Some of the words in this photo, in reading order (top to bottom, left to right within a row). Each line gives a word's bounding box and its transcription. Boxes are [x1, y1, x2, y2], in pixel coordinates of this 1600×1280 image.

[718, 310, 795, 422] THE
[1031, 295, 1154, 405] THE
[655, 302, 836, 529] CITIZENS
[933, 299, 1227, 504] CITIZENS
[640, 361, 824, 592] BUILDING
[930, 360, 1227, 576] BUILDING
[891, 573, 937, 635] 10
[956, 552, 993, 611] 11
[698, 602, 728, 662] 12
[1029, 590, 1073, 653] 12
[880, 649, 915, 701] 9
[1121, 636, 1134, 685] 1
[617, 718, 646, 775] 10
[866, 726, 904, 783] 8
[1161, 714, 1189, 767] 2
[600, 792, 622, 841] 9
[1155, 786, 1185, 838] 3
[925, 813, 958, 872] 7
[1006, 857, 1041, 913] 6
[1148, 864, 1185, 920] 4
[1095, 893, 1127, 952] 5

====

Activity – Would you restate each of the entries word for word?

Response to this exercise –
Some of the words in this photo, in reading order (top to bottom, left to right within a row). Each line gives a word's bounding box and its transcription. Boxes are [x1, y1, x2, y2], in pixel coordinates of this 1600×1280 image.

[718, 310, 795, 422] THE
[1031, 295, 1154, 405] THE
[655, 302, 836, 529] CITIZENS
[933, 299, 1227, 504] CITIZENS
[640, 361, 824, 592] BUILDING
[930, 360, 1227, 576] BUILDING
[891, 573, 937, 635] 10
[956, 552, 993, 611] 11
[698, 602, 728, 662] 12
[1029, 590, 1073, 653] 12
[880, 649, 915, 701] 9
[1121, 636, 1134, 685] 1
[617, 718, 646, 775] 10
[866, 726, 904, 783] 8
[1161, 714, 1189, 767] 2
[600, 792, 622, 841] 9
[1155, 786, 1185, 838] 3
[925, 813, 958, 872] 7
[1006, 857, 1041, 913] 6
[1148, 864, 1185, 920] 4
[1095, 893, 1127, 952] 5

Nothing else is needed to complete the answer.